#### TASK STATEMENT
Would you output, exactly as written, the line with "Some of the text" and all lines after it to the end of the data below, and no others?

Phrase grounding data:
■ ■ ■ ■

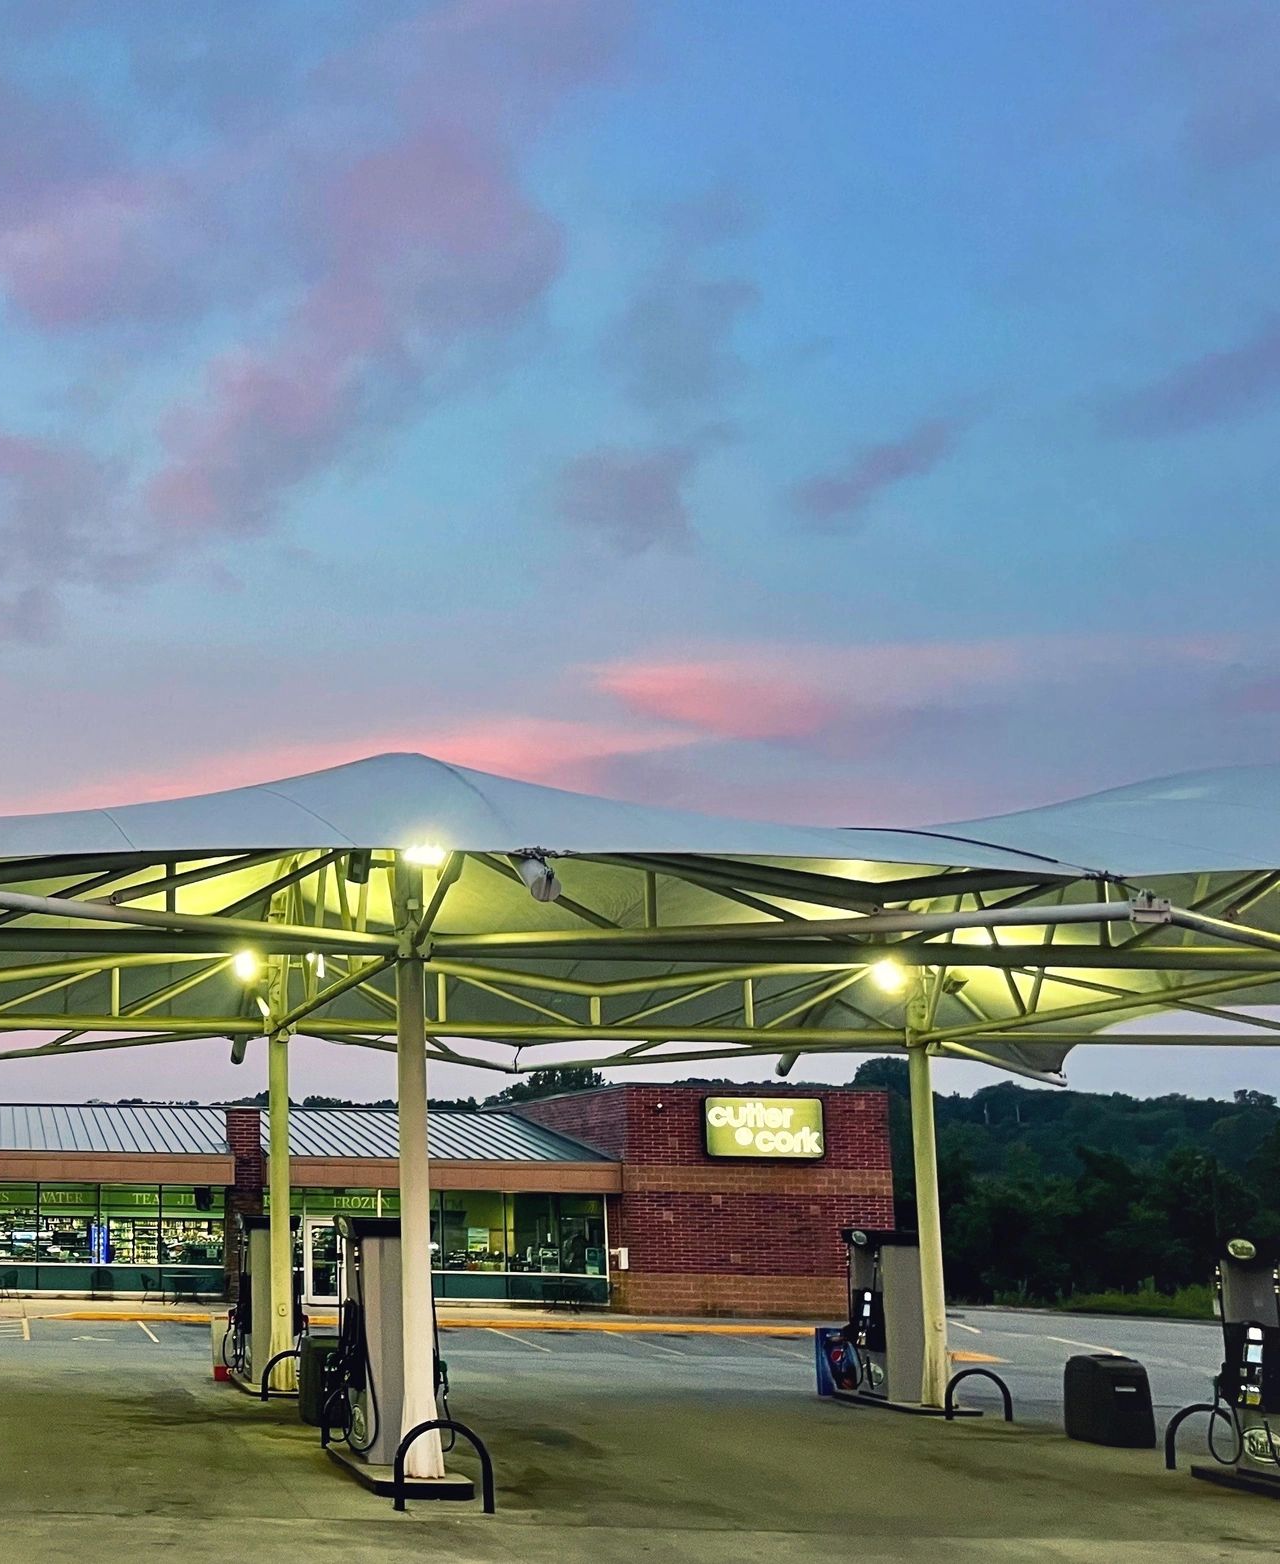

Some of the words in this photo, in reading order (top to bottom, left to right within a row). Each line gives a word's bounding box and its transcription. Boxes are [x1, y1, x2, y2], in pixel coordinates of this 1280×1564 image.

[708, 1102, 794, 1128] cutter
[755, 1126, 822, 1153] cork
[132, 1193, 160, 1205] TEA
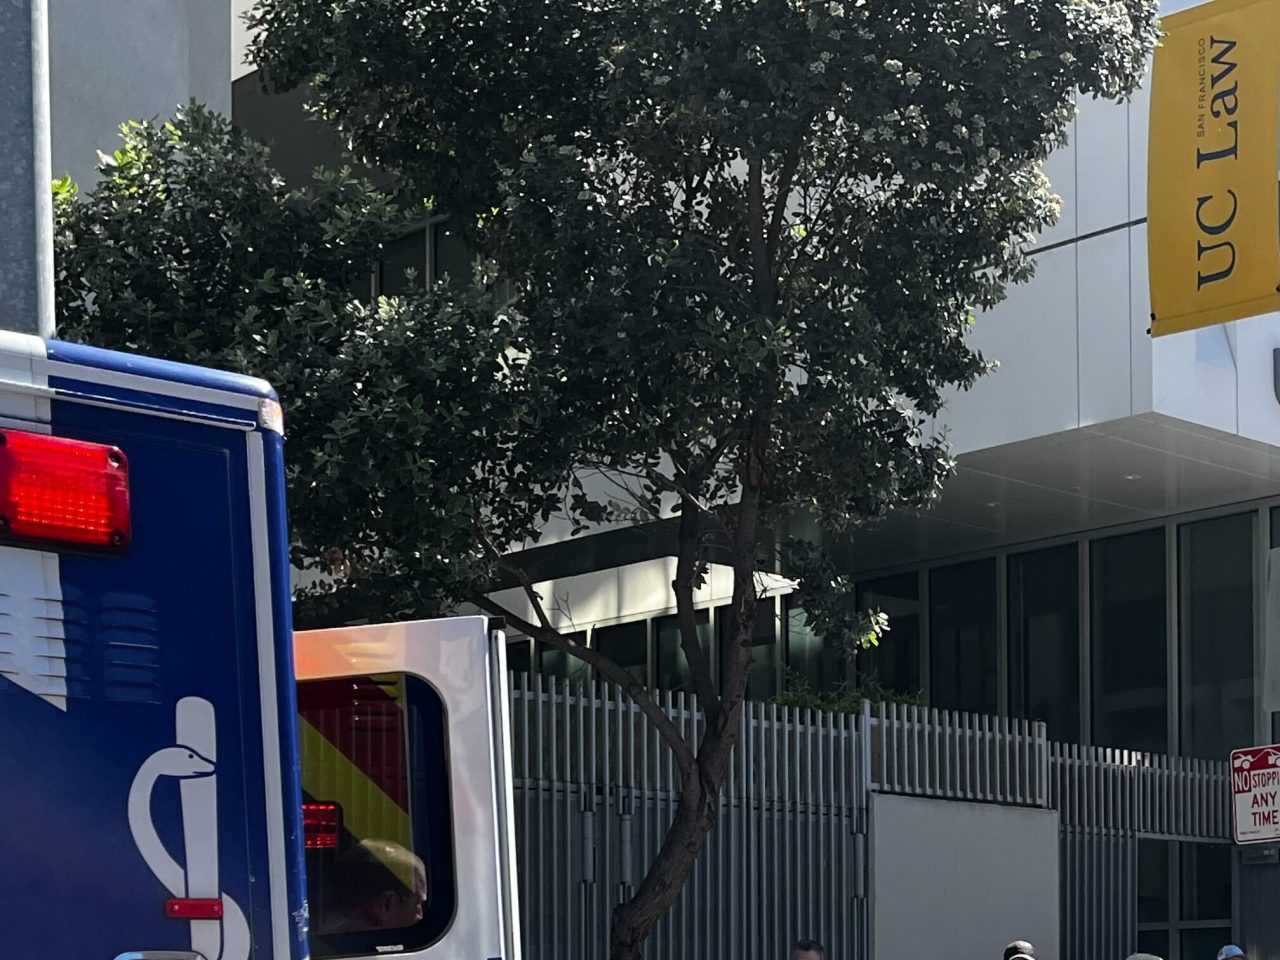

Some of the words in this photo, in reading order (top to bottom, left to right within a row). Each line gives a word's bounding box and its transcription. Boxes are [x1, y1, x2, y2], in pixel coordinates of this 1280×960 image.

[1198, 38, 1206, 109] FRANCISCO
[1196, 35, 1238, 169] Law
[1197, 114, 1206, 138] SAN
[1196, 189, 1238, 292] UC
[1234, 771, 1250, 792] NO
[1251, 791, 1277, 808] ANY
[1251, 809, 1279, 826] TIME
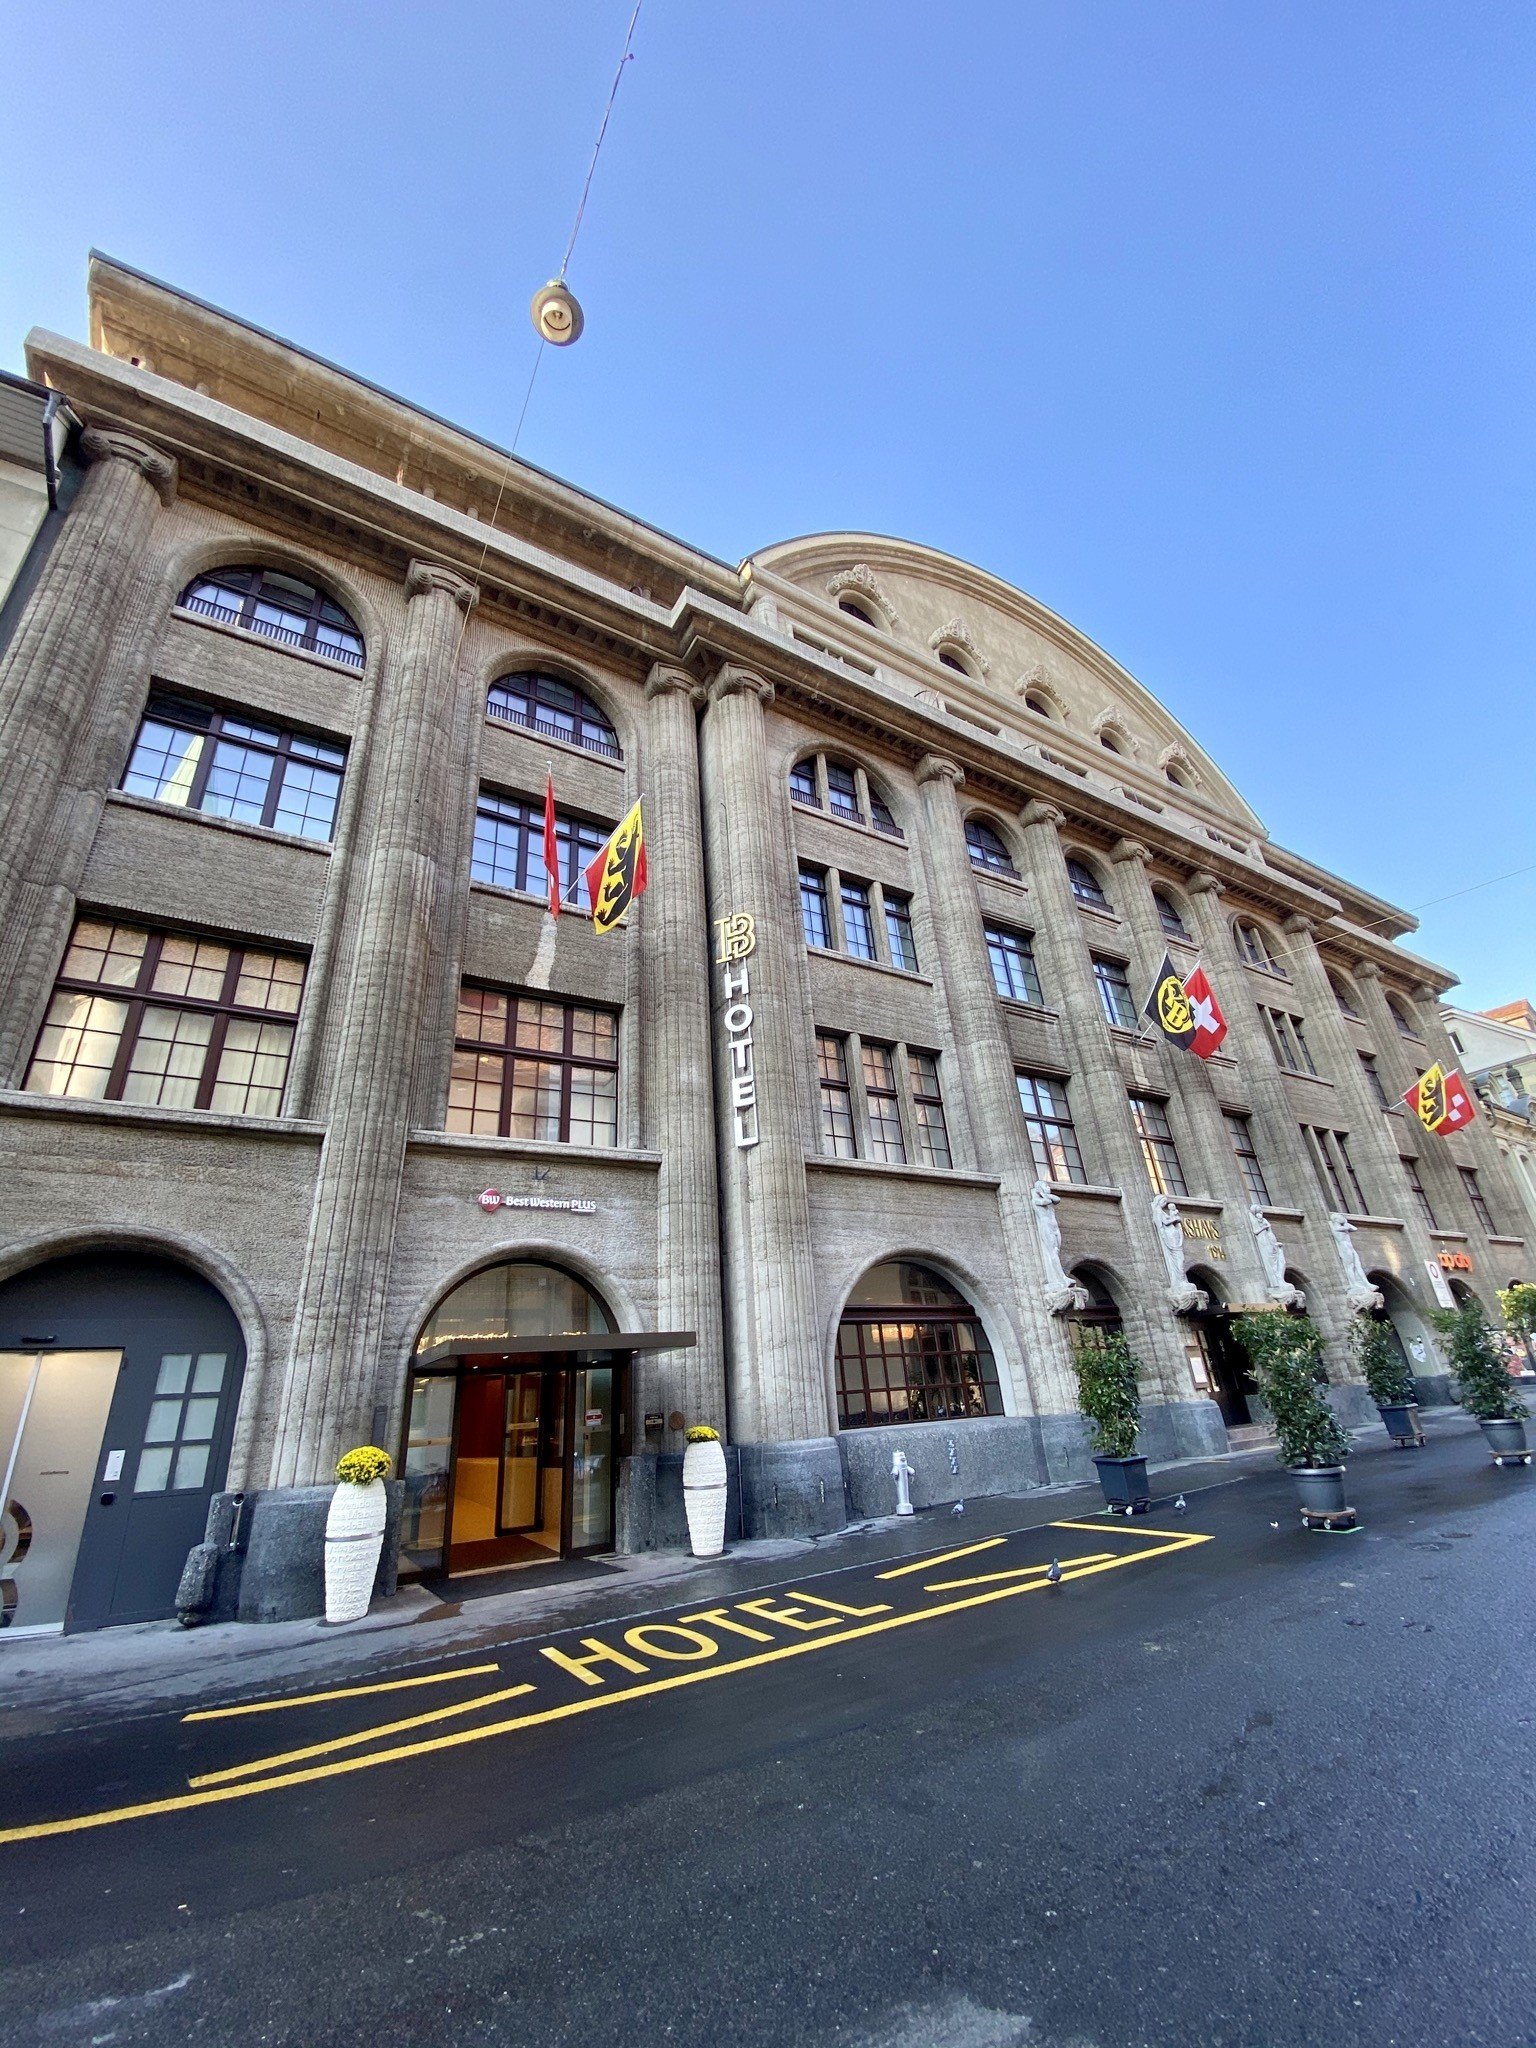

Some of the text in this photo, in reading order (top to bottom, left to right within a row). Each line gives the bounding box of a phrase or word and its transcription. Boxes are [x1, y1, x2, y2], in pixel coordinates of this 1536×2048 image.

[723, 967, 760, 1148] HOTEL
[505, 1195, 597, 1212] Best Western PLUS
[539, 1591, 895, 1686] HOTEL

■ ■ ■ ■

#### TASK RESULT
Some of the text in this photo, in reading order (top to bottom, left to right within a row). Each line gives the bounding box of a phrase or word and its transcription. Boxes are [x1, y1, x2, y2], in pixel coordinates of this 1536×2048 image.

[723, 967, 760, 1148] HOTEL
[505, 1195, 597, 1212] Best Western PLUS
[539, 1591, 895, 1686] HOTEL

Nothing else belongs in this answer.